The death toll from California’s fires has risen to 50, with thousands of homes destroyed in Malibu and Northern California

  • The death toll from the California wildfires had risen to 50. On Tuesday, six more bodies were recovered.
  • The Camp Fire in northern California destroyed an entire town in less than a day and has killed at least 48 people, making it the deadliest fire in the state’s history.
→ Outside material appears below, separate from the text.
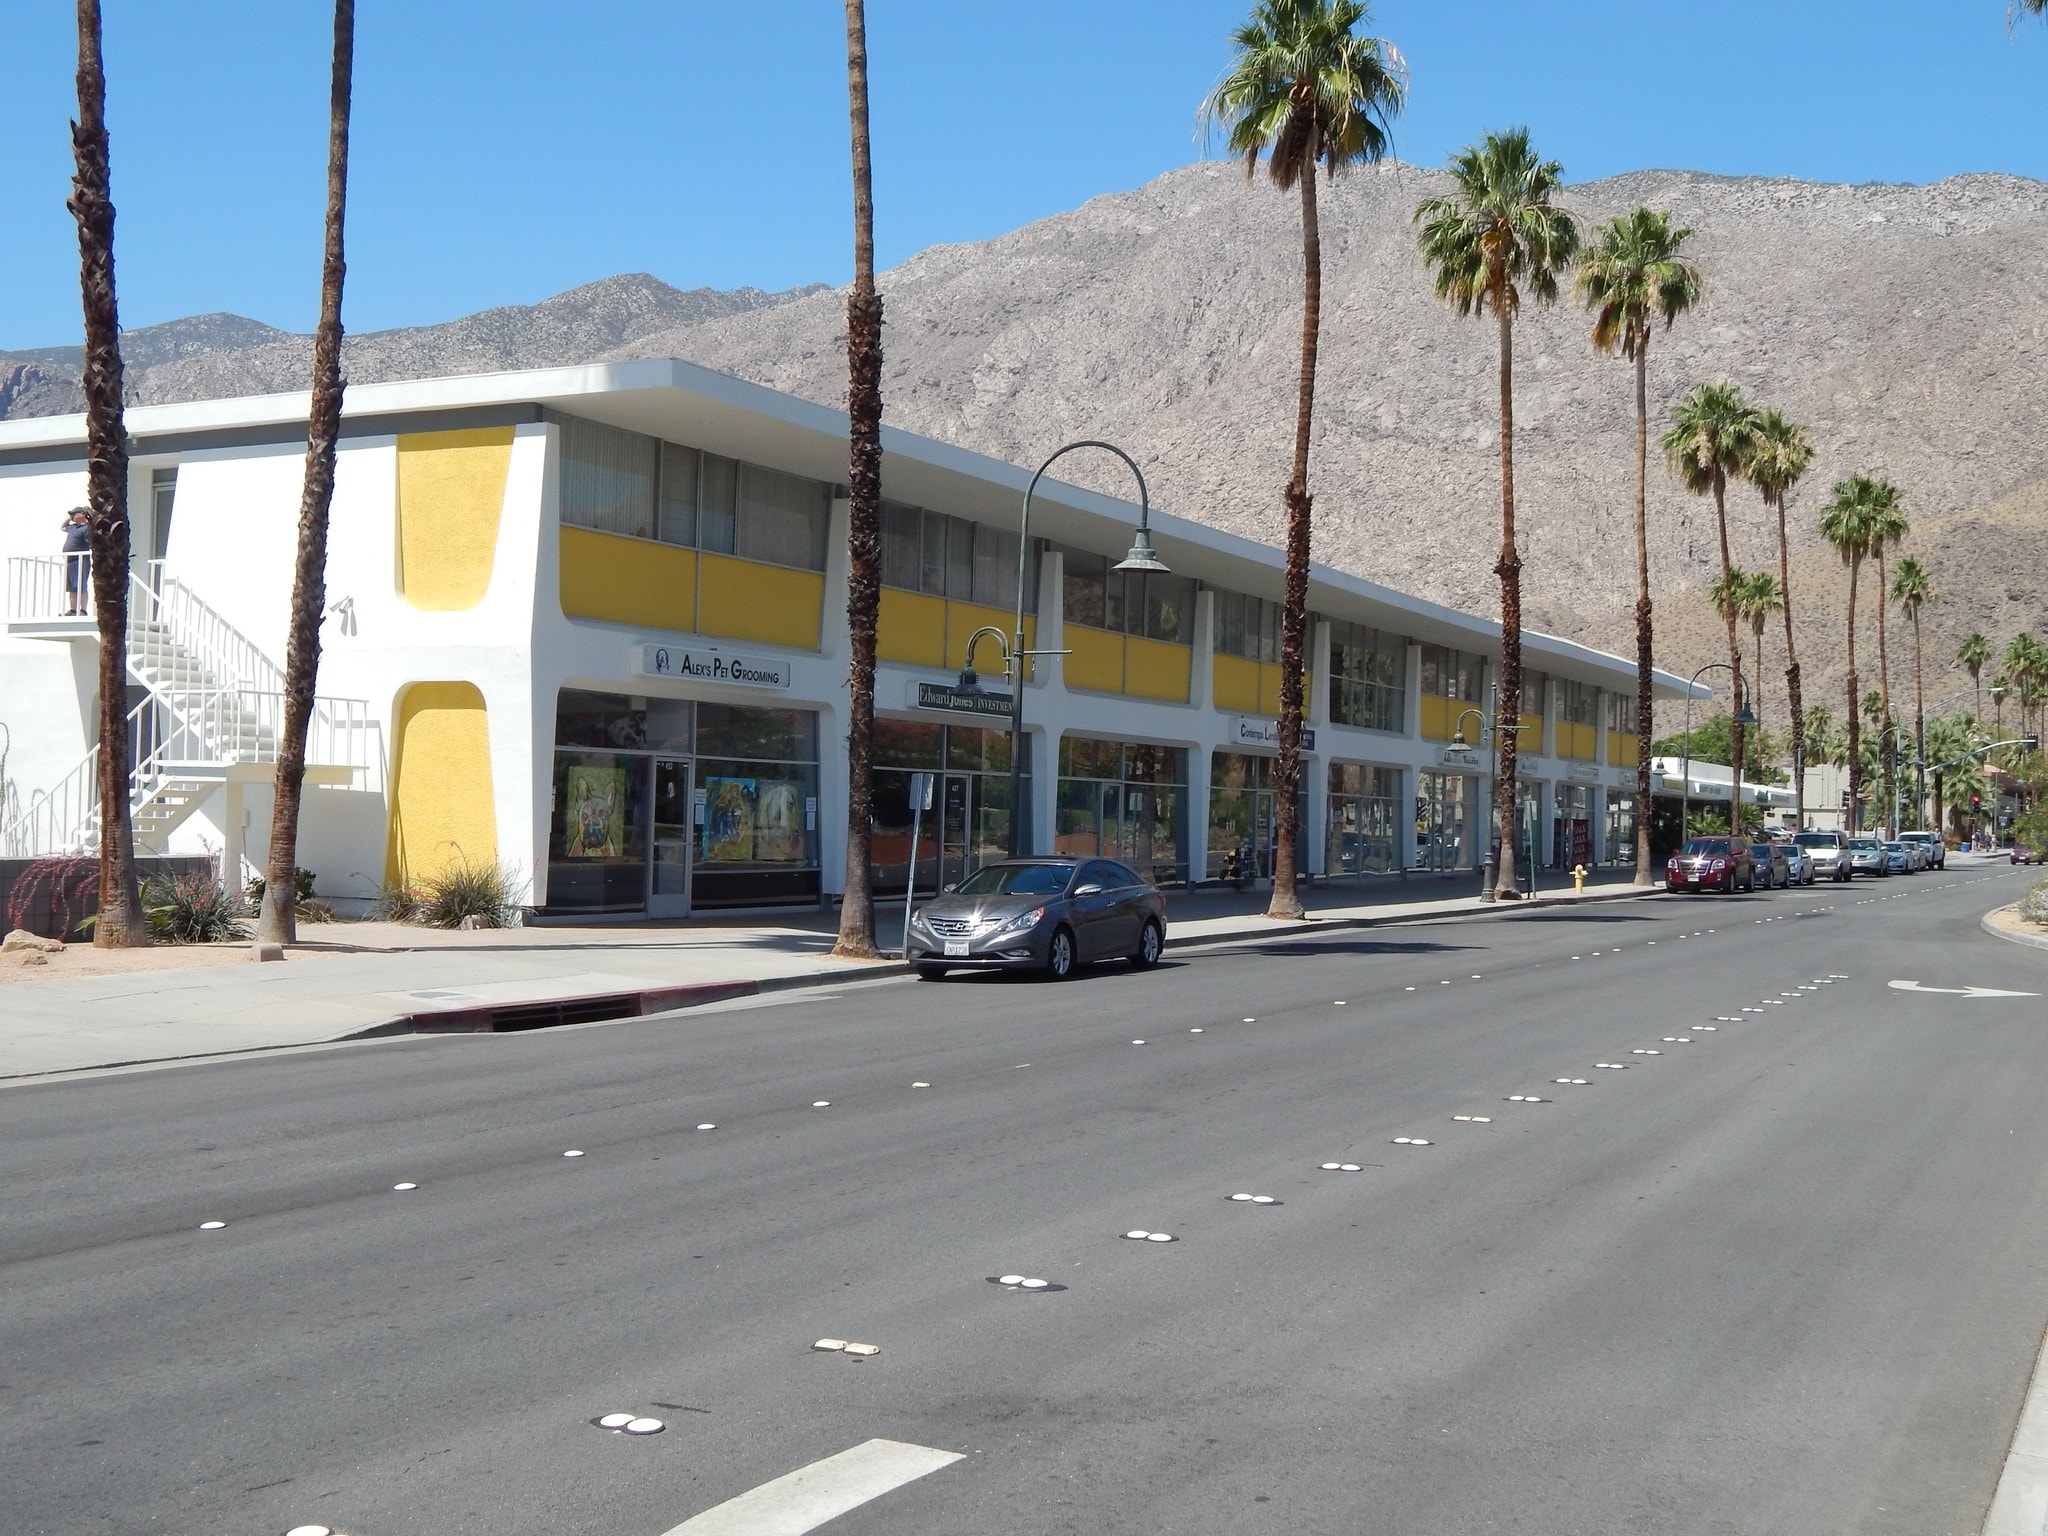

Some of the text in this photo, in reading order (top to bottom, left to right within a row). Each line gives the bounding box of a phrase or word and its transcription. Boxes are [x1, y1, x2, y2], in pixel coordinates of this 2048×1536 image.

[681, 654, 779, 684] ALEX'S PET GROOMING
[920, 685, 950, 705] Edward
[977, 698, 1014, 712] INVESTMEN
Authorities said it was 35% contained on Wednesday morning.
  • The Woolsey Fire on the outskirts of LA has burned more than 150 square miles, and is just shy of 50% contained.
  • The flames are being fueled by dry, hot conditions and strong winds.
  • California wildfires are becoming so frequent and pervasive that officials there say there’s almost no need for the term “wildfire season” anymore.

California’s Camp Fire is now the deadliest wildfire the state has ever seen.

On Tuesday evening, the Butte County Sheriff’s office announced that six more bodies had been found, bringing the fire’s death toll to 48. Hundreds of people are still missing; the sheriff’s office has released a partial list of 100 names, but there are certainly more.

The fire, which continues to rage across Butte County, less than 100 miles north of Sacramento, is now roughly one-third contained. So far, it has scorched 210 square miles of land, an area nearly the size of Chicago.

Coroner search teams are going house to house (or rather, from plot to plot) in the burned-down town of Paradise to search for victims. Abandoned cars in driveways can be a tell-tale sign that residents might not have escaped in time. Sifting through the ashes, the teams sometimes only recover a few remains of a fire victim to put in a body bag.

“The long bag looks almost empty as it’s carefully carried out of the ruins and placed in a black hearse,” Gillian Flaccus with the Associated Press reported from Paradise on Monday night.

The other dangerous wildfire raging in California, the Woolsey Fire, has burned 150 square miles in the hills around Los Angeles. Two people were killed in the Woolsey fire on Friday, bringing the statewide death total to 50.